::: Data for this exercise :::

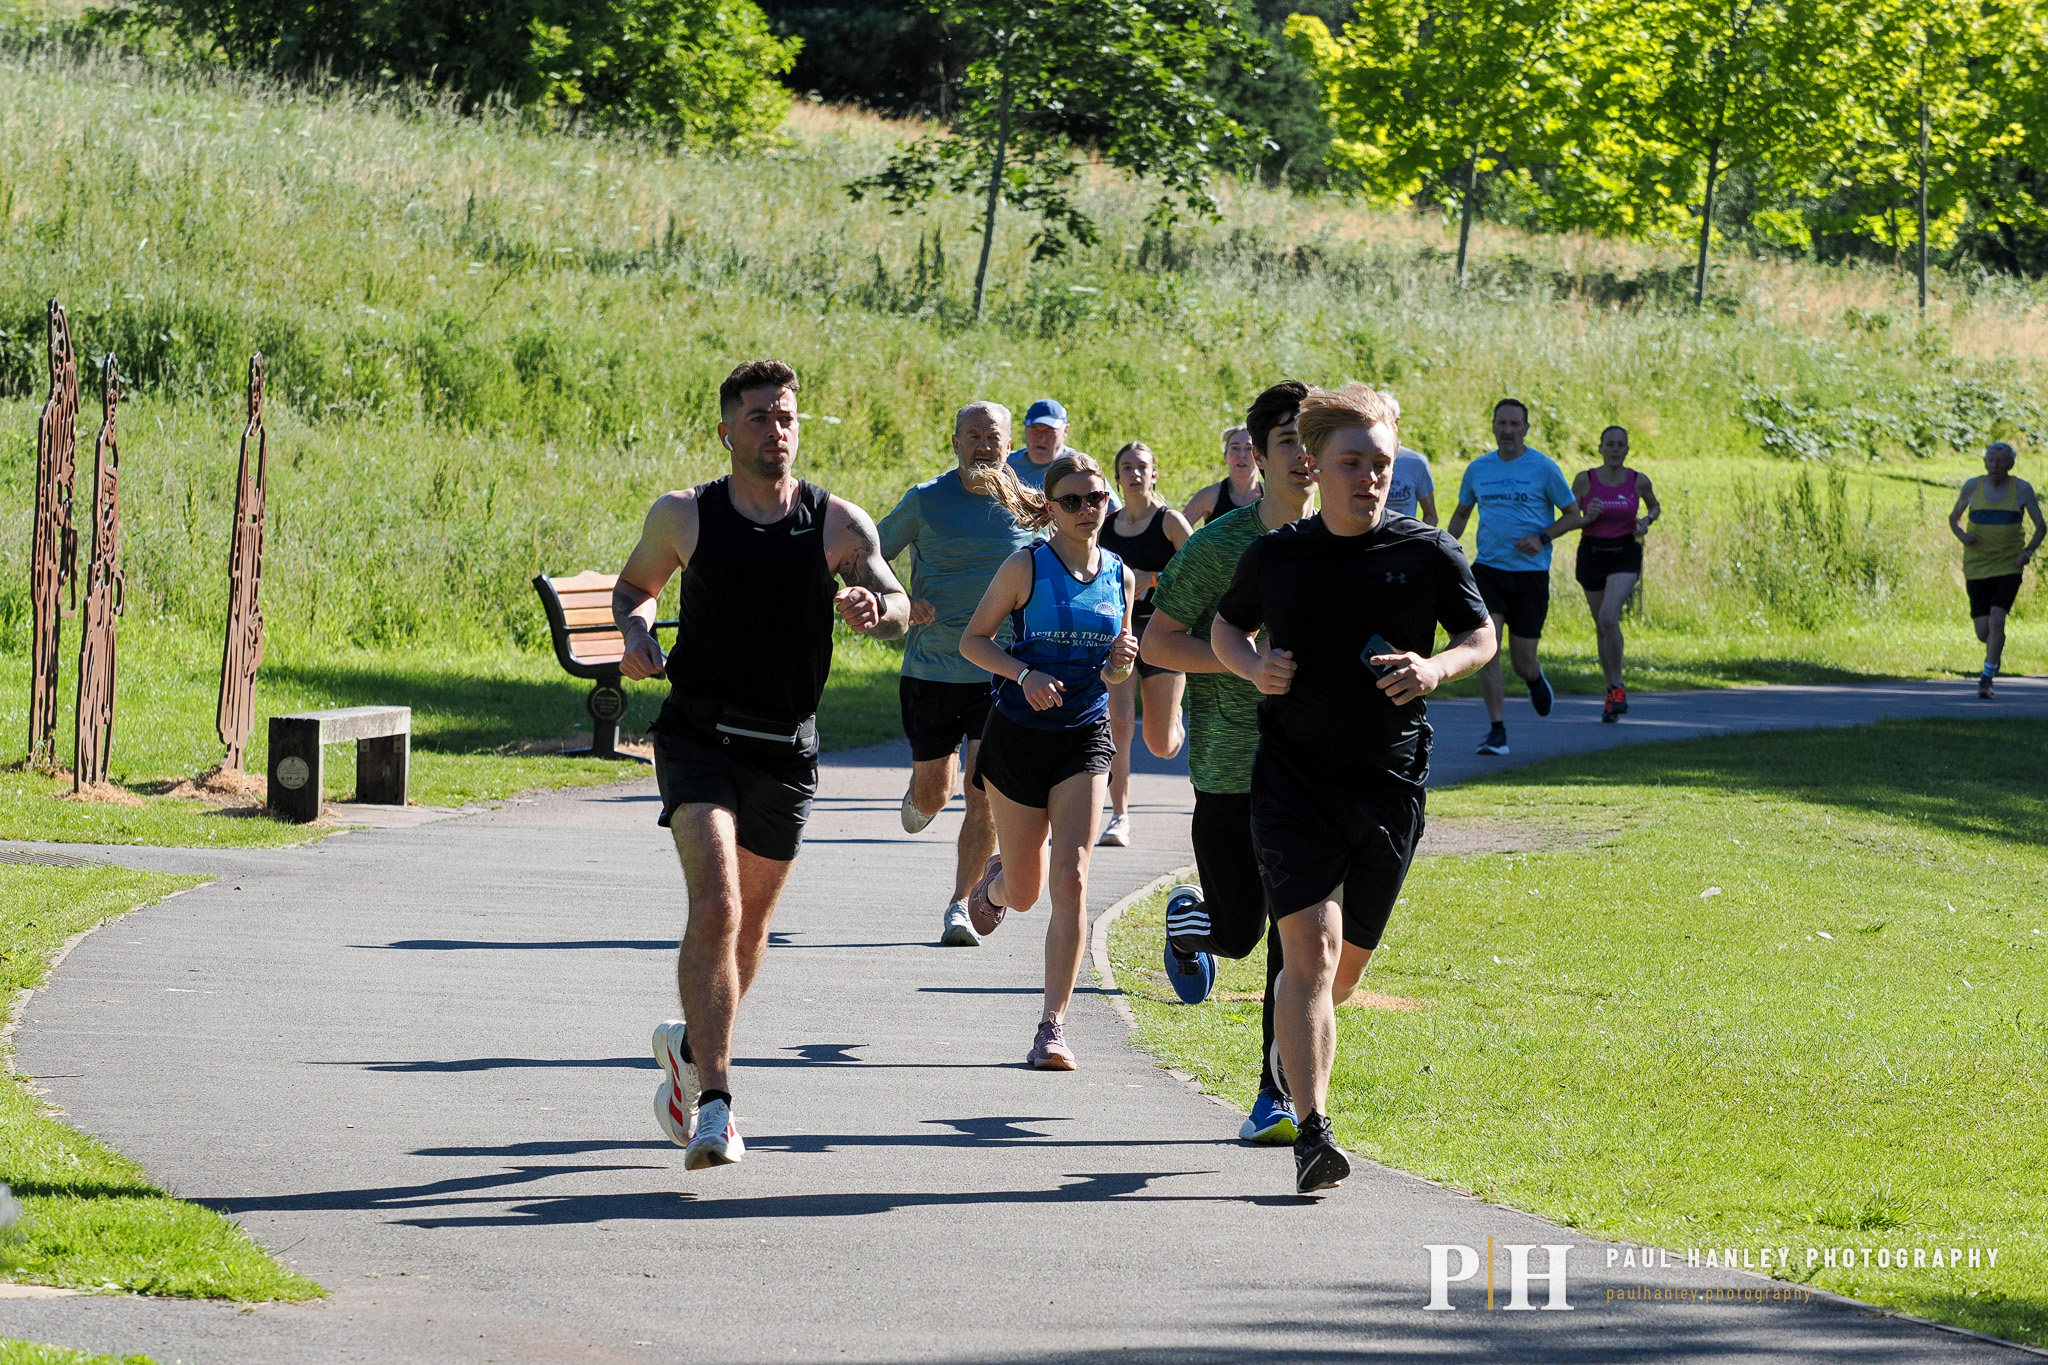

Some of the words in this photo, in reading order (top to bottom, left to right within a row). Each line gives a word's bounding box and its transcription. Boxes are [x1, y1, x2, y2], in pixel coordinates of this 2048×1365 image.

[1514, 492, 1528, 502] 20
[1069, 631, 1078, 639] &
[1081, 631, 1117, 642] TYLDES
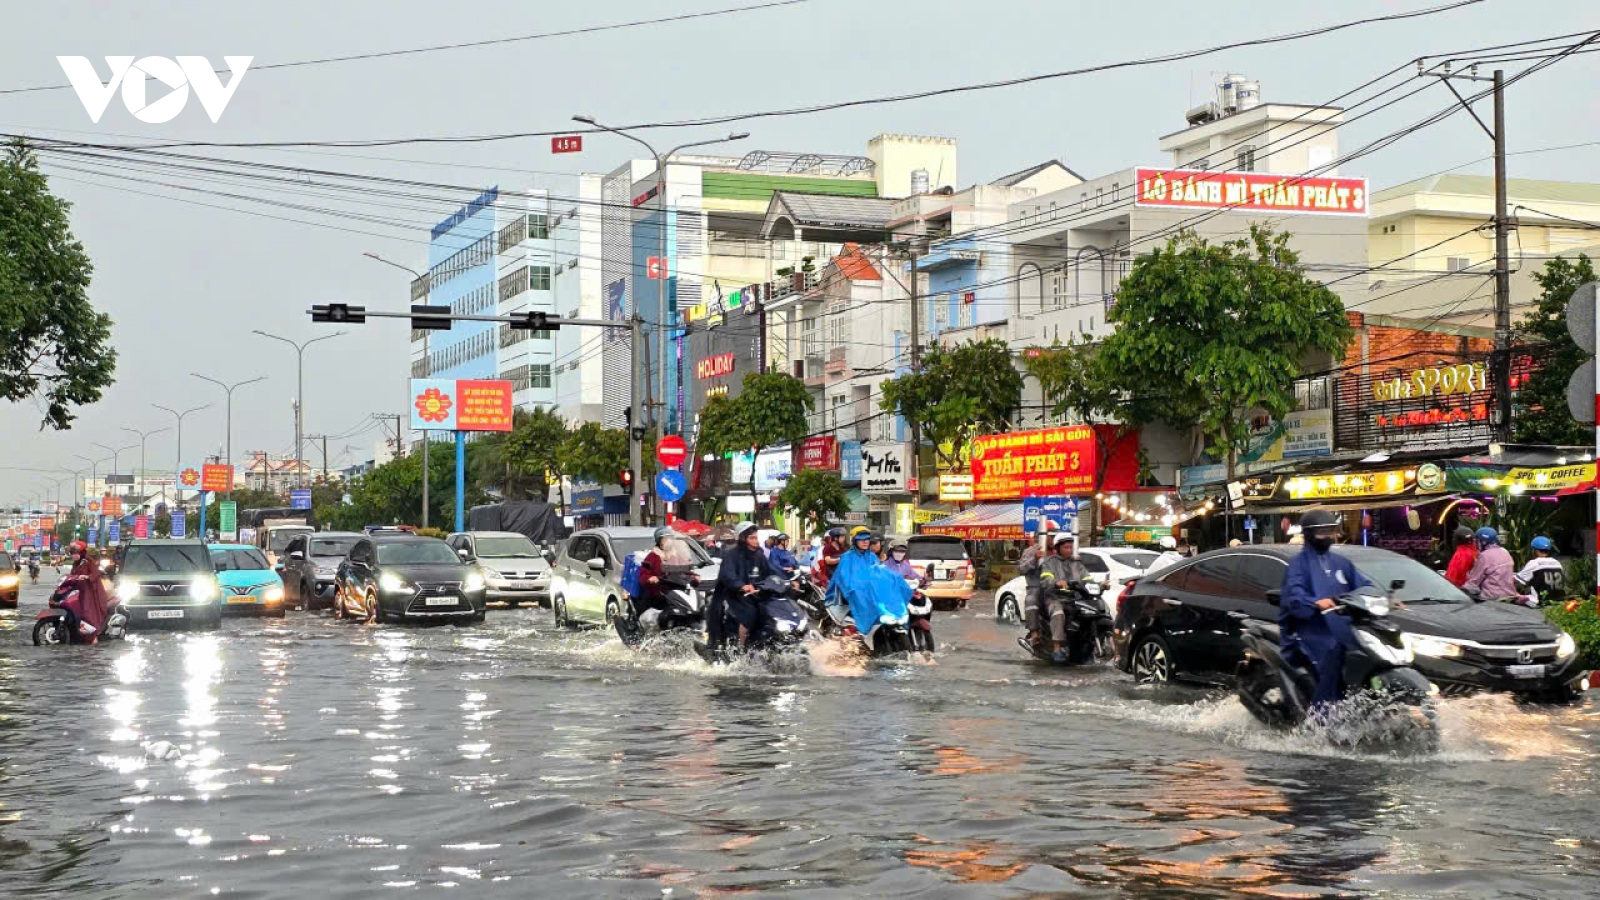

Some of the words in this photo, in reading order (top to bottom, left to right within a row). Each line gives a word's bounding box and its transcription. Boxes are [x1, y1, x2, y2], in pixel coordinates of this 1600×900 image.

[1143, 172, 1165, 200] LÒ
[1171, 176, 1222, 203] BÁNH
[1225, 179, 1249, 205] MÌ
[1251, 179, 1300, 207] TUẤN
[1303, 182, 1350, 209] PHÁT
[1353, 189, 1364, 209] 3
[698, 353, 734, 380] HOLIDAY
[1411, 362, 1488, 397] SPORT
[983, 452, 1024, 477] TUẤN
[1025, 448, 1067, 473] PHÁT
[1070, 451, 1080, 471] 3
[1551, 467, 1586, 479] COFFEE
[1317, 486, 1339, 495] WITH
[1341, 485, 1375, 494] COFFEE
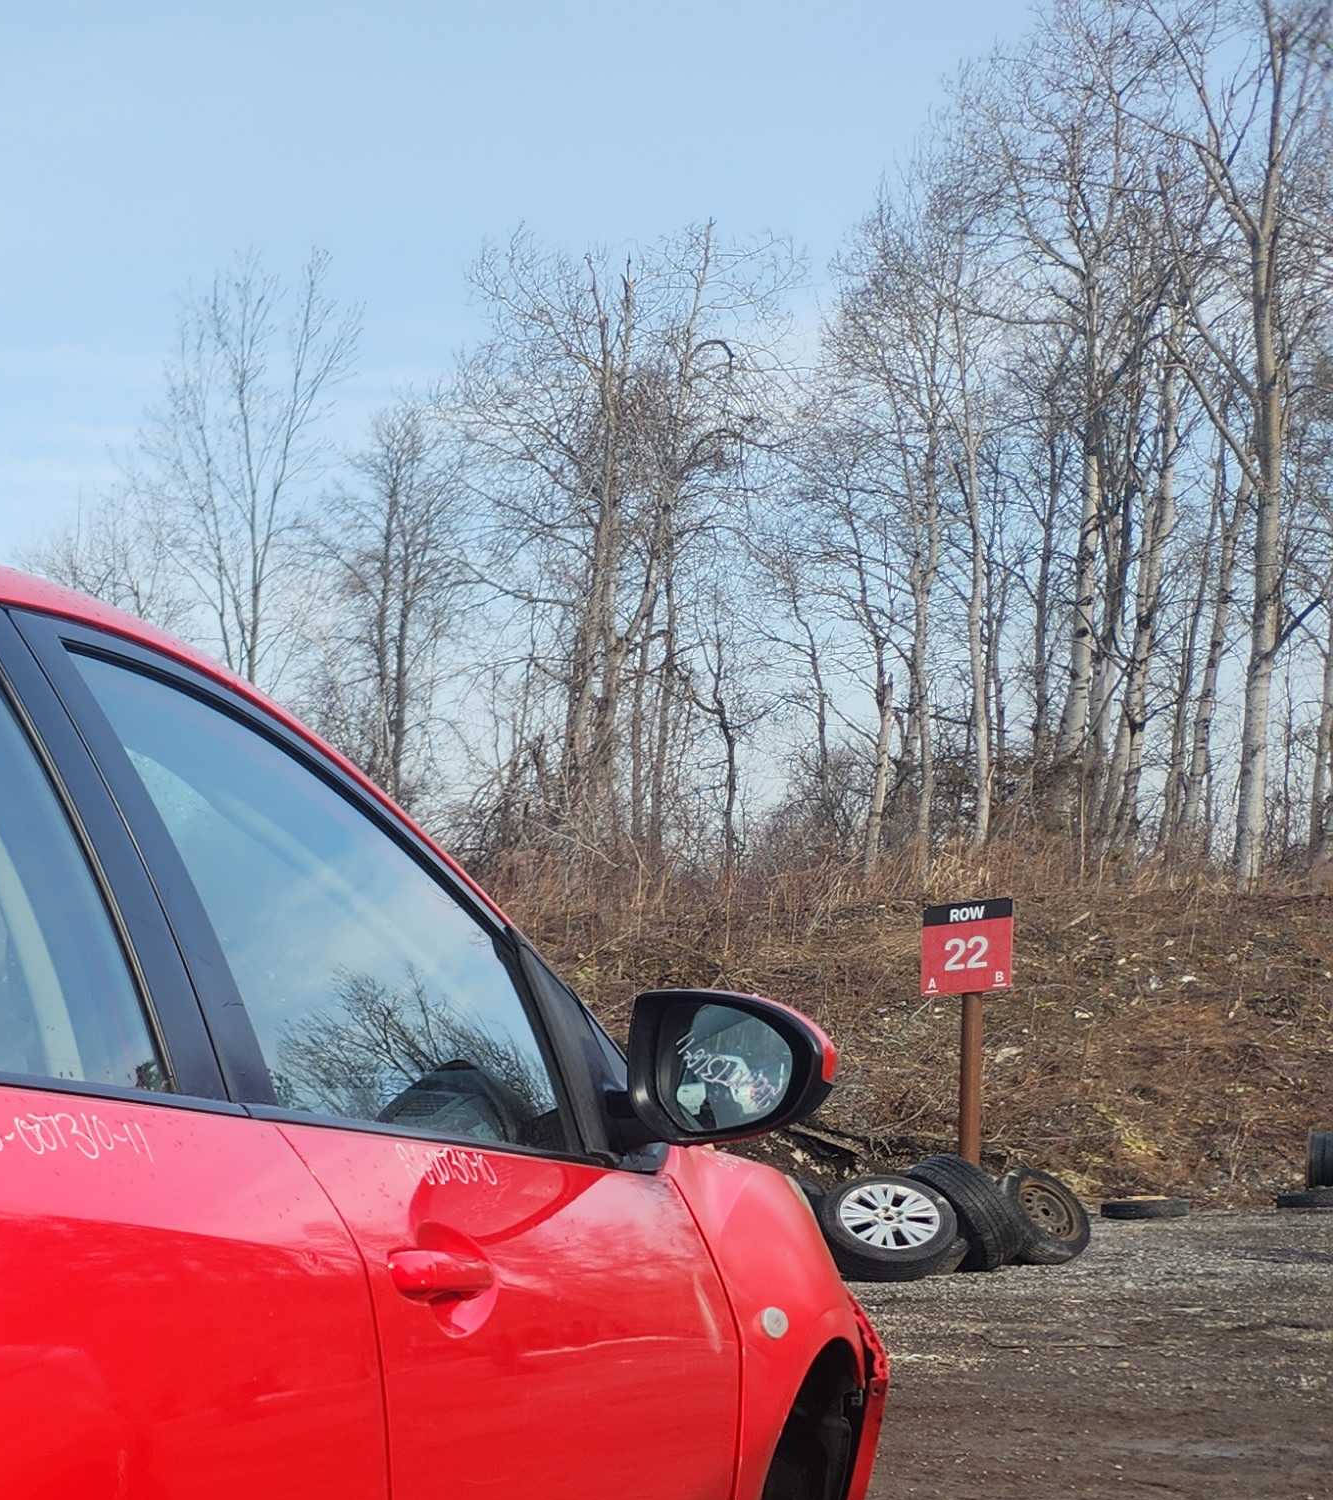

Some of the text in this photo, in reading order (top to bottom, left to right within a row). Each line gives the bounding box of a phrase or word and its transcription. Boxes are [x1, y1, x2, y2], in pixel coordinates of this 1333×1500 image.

[948, 904, 986, 923] ROW
[943, 935, 989, 972] 22
[927, 970, 1005, 989] A B

:::

**What you have to do:** From start to finish, output the listing exactly, but omit its pictures.

**Output:**
Some of the words in this photo, in reading order (top to bottom, left to right within a row). Each line gives a word's bounding box and its transcription. Boxes are [x1, y1, x2, y2], in pixel coordinates of this 2048×1365 image.

[1514, 492, 1528, 502] 20
[1069, 631, 1078, 639] &
[1081, 631, 1117, 642] TYLDES

Some of the words in this photo, in reading order (top to bottom, left to right within a row). Each line gives a word's bounding box and its transcription. Boxes are [x1, y1, x2, y2], in pixel coordinates of this 1600×900 image.

[1143, 172, 1165, 200] LÒ
[1171, 176, 1222, 203] BÁNH
[1225, 179, 1249, 205] MÌ
[1251, 179, 1300, 207] TUẤN
[1303, 182, 1350, 209] PHÁT
[1353, 189, 1364, 209] 3
[698, 353, 734, 380] HOLIDAY
[1411, 362, 1488, 397] SPORT
[983, 452, 1024, 477] TUẤN
[1025, 448, 1067, 473] PHÁT
[1070, 451, 1080, 471] 3
[1551, 467, 1586, 479] COFFEE
[1317, 486, 1339, 495] WITH
[1341, 485, 1375, 494] COFFEE

Some of the text in this photo, in reading order (top to bottom, left to right within a row). Each line gives the bounding box of a phrase or word and its transcription. Boxes are [x1, y1, x2, y2], in pixel coordinates of this 1333×1500 image.

[948, 904, 986, 923] ROW
[943, 935, 989, 972] 22
[927, 970, 1005, 989] A B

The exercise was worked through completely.